Whether you think Left at London’s debut album stands for “There is a Place For You Here.” or “This is a Protest For Your Heart!!!” there is no doubt that she is reaching out to us listeners and trying to make a connection. Left at London is the stage name of Nat Puff, a Vine legend, who has been pretty open about her ADHD, PTSD, borderline personality disorder, autism spectrum disorder, and OSDD-1b. The epic opening track earnestly struggles with the inherent inadequacy of trying to solve psychiatric problems externally when all anyone can offer is “Pills & Good Advice,” but juxtaposes that resignation with a desperate, dangerous desire to be understood. The second track shows her identifying with obscure Washington congressman Marion Zioncheck, who had his own mental problems and ultimately committed suicide. But this is not an unhappy album, Left at London bears all this real shit in an act of triumph, not defeat. It’s quirky, it’s fun, it’s banging, it ends with her screaming “I lived bitch!”

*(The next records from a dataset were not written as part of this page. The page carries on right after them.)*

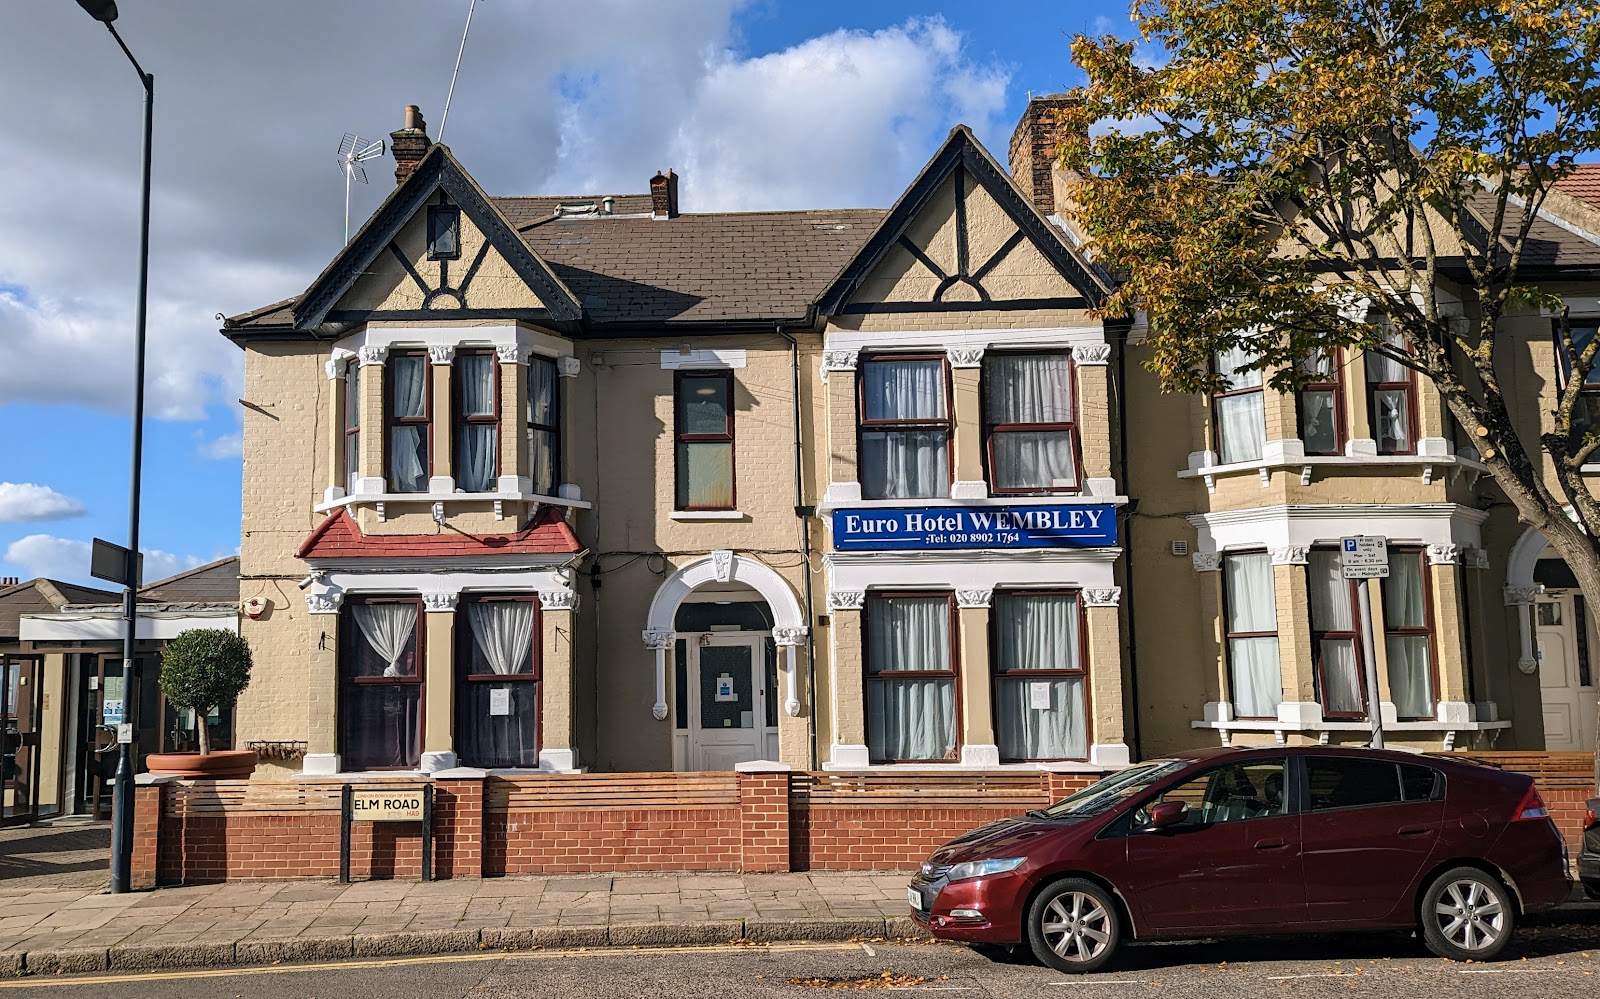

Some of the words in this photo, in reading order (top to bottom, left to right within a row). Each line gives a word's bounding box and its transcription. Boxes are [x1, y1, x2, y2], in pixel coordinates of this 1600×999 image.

[845, 515, 899, 533] Euro
[904, 513, 963, 532] Hotel
[969, 510, 1103, 530] WEMBLEY
[928, 534, 947, 543] Tel:
[949, 534, 968, 543] 020
[970, 533, 993, 542] 8902
[997, 533, 1019, 542] 1764
[1346, 541, 1355, 551] P
[354, 800, 379, 810] ELM
[384, 800, 420, 810] ROAD
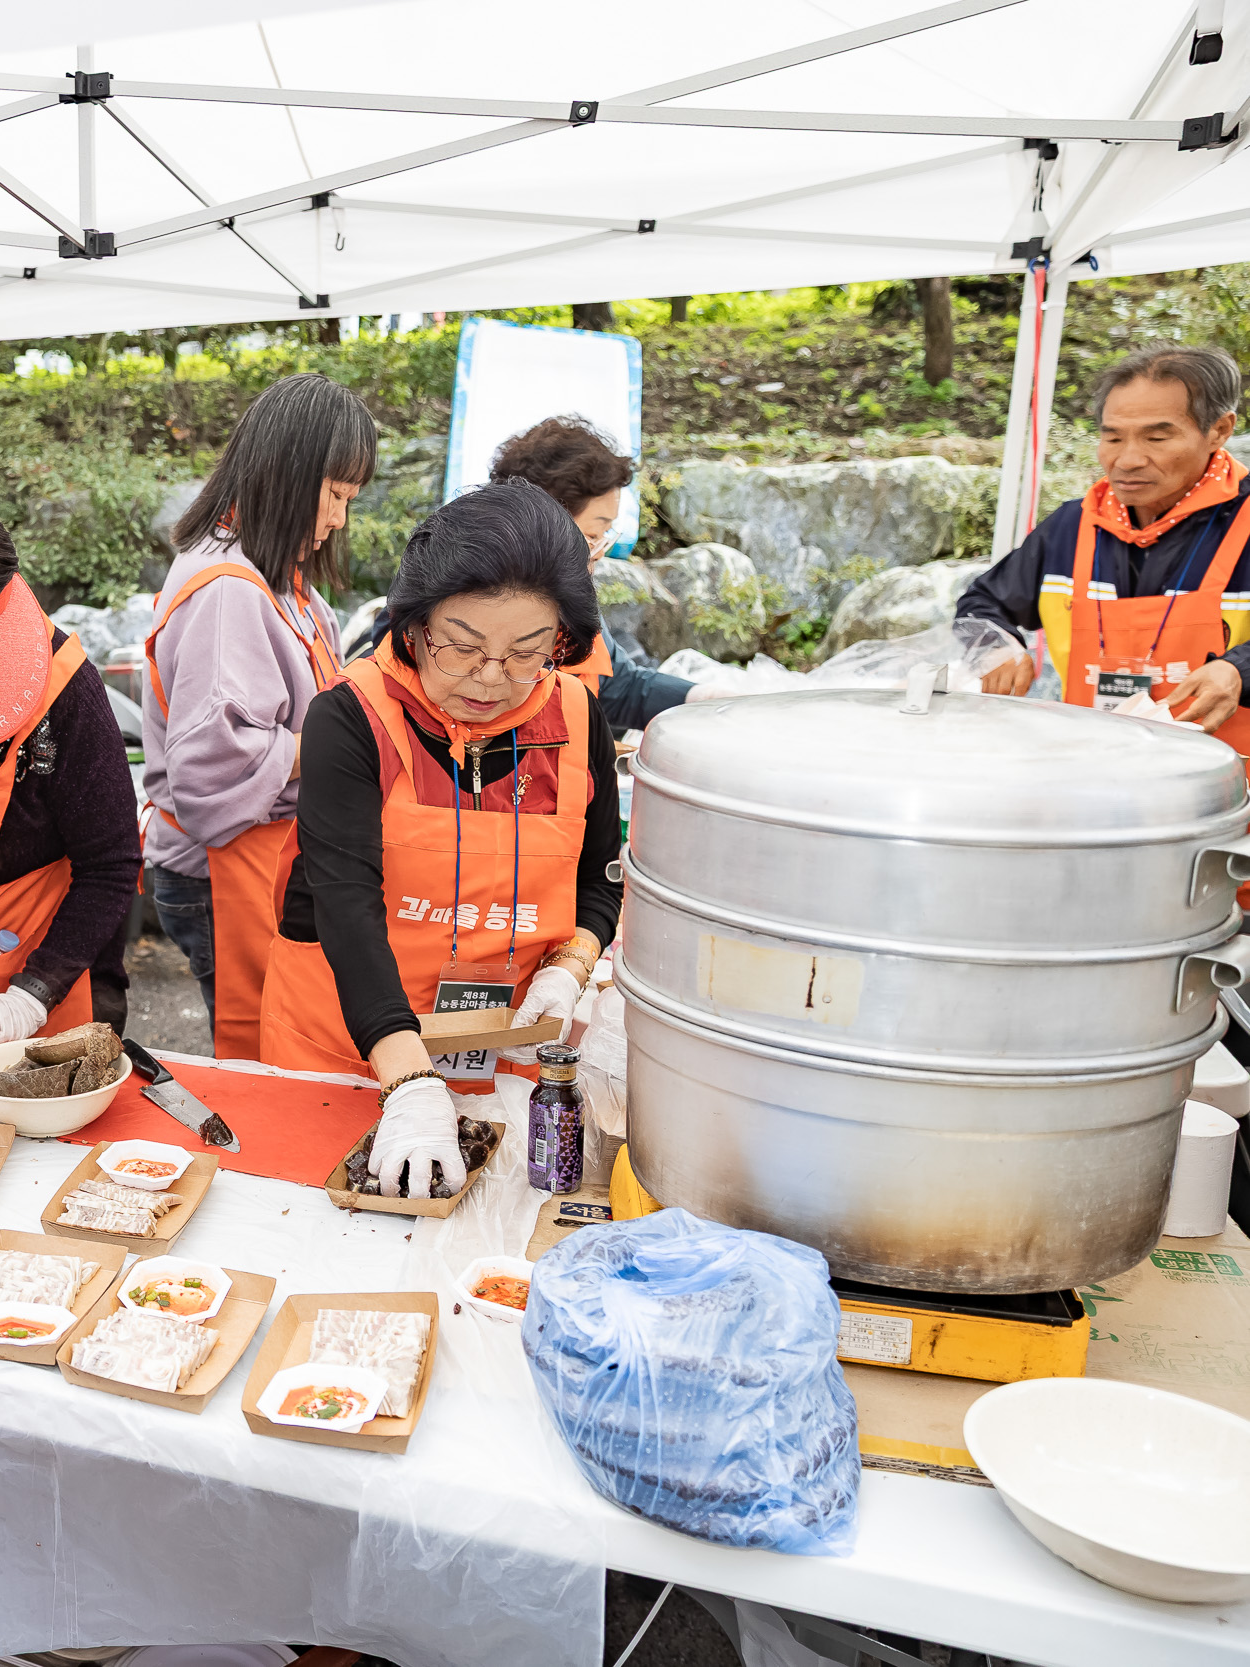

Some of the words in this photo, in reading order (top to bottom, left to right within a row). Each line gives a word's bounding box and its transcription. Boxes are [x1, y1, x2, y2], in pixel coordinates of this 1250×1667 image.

[396, 895, 480, 930] 감마을
[484, 902, 539, 933] 능동
[462, 990, 489, 1001] 제8회

2. Japanese Breakfast – Jubilee

Man, Soft Sounds from Another Planet feels like it came out a whole lifetime ago. It’s good to have Japanese Breakfast back, and even better that Michelle Zauner seems to be in a good place and writing such joyful music. I was curious about the persimmons on the cover of Jubilee and found this quote: “In a lot of East Asian cultures, they’ll hang persimmons. They start out as very hard, bitter fruit, and they mature over time and become sweetened, dried fruit. I liked that metaphor: of being a hard, bitter person who’s been put on display and that has matured over time and has allowed myself to get sweetened.” That’s awesome. Not only is the music peppy, the band is doing goofy things like re-recording “Be Sweet” for the cottagecore Sims expansion. Perhaps the biggest surprise was “Slide Tackle,” a song you could totally dance to and easily the track I’ve listened to the most from Jubilee. Also this is another album on my list that has two similarly titled tracks; “Posing in Bondage” and “Posing for Cars.”

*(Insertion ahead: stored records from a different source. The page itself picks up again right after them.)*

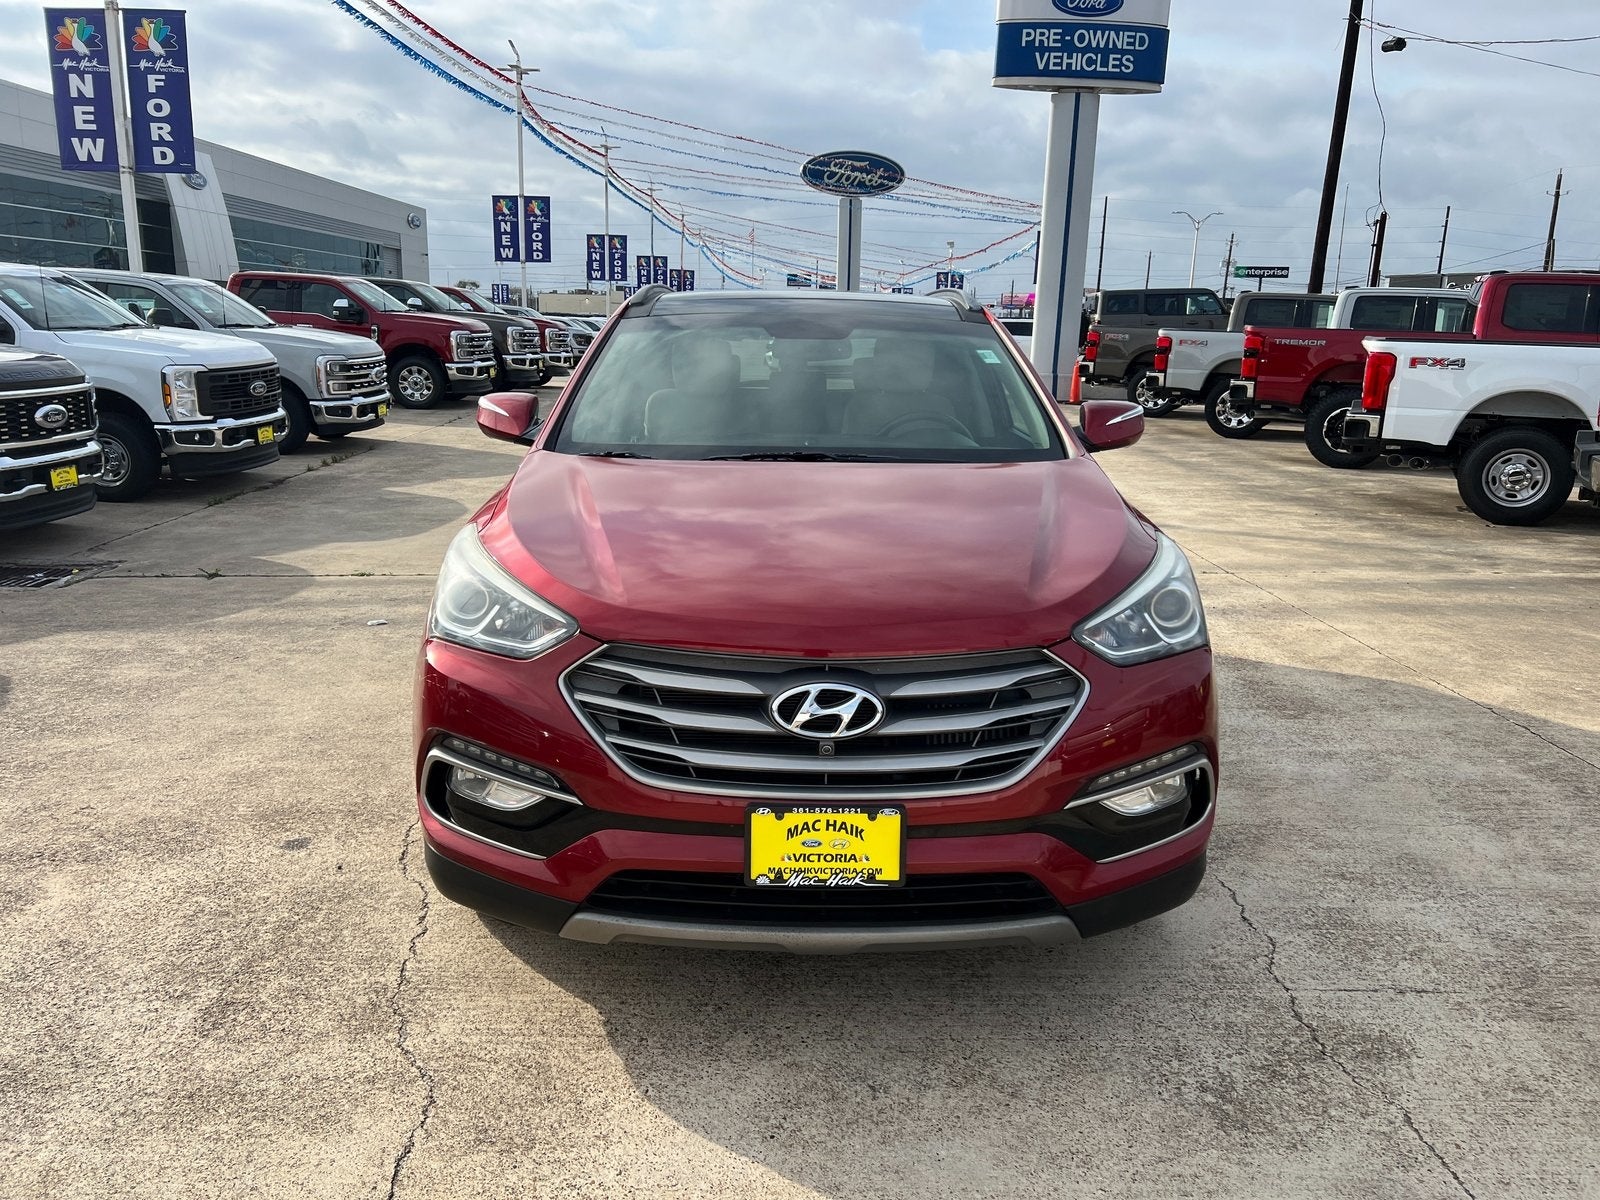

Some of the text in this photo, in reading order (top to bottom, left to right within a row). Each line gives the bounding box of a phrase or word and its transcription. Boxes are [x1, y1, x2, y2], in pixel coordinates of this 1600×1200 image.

[79, 57, 98, 71] Haik
[155, 57, 174, 71] Haik
[1035, 52, 1134, 73] VEHICLES
[68, 73, 105, 162] NEW
[146, 74, 176, 165] FORD
[823, 158, 883, 187] Ford
[500, 221, 514, 259] NEW
[531, 222, 543, 260] FORD
[591, 252, 601, 279] NEW
[613, 253, 622, 280] FORD
[1238, 267, 1289, 277] enterprise
[1273, 338, 1327, 346] TREMOR
[1408, 356, 1466, 369] FX4
[47, 411, 63, 422] Ford
[786, 819, 865, 841] MAC HAIK
[792, 853, 859, 863] VICTORIA
[785, 871, 868, 887] Mac Haik

1. Cassandra Jenkins – An Overview on Phenomenal Nature

If you haven’t heard it yet, An Overview on Phenomenal Nature is seven tracks long. Here are my top seven most listened to songs of 2021. I don’t know why they’re not in the same order as on the album, but you get my point. And to be clear, those aren’t my most listened to tracks released in 2021, those are the songs I listened to the most out of all music in the last year. That’s how good I think Cassandra Jenkins’ sophomore album is. If I got a chance to interview Cassandra Jenkins, I would ask her what variant spelling of “Haley” she’ll use on her third album after she did a song called “Hailey” on this and already had a song called “Halley” on her first album, Play Till You Win. And then I’d ask her why songs about Norway, like her “Ambiguous Norway” and Beach House’s “Norway” always feel like they’re not really about that Nordic country. I would ask her dumb questions like these because I’m otherwise just gobsmacked by the titanic sonic achievement that is An Overview on Phenomenal Nature. From the humble beginnings of “Michelangelo” to the philosophical musings of “Hard Drive” (which endeavors to wring every possible meaning out of those two words) to the delicate wordlessness of “The Ramble,” this album always seemed to have exactly what I needed when I needed it. I’ve been obsessed with it since last February and I’ll probably still be listening to it come next February.

  1. Hey, we had the same #1! Pretty sure that’s never happened before.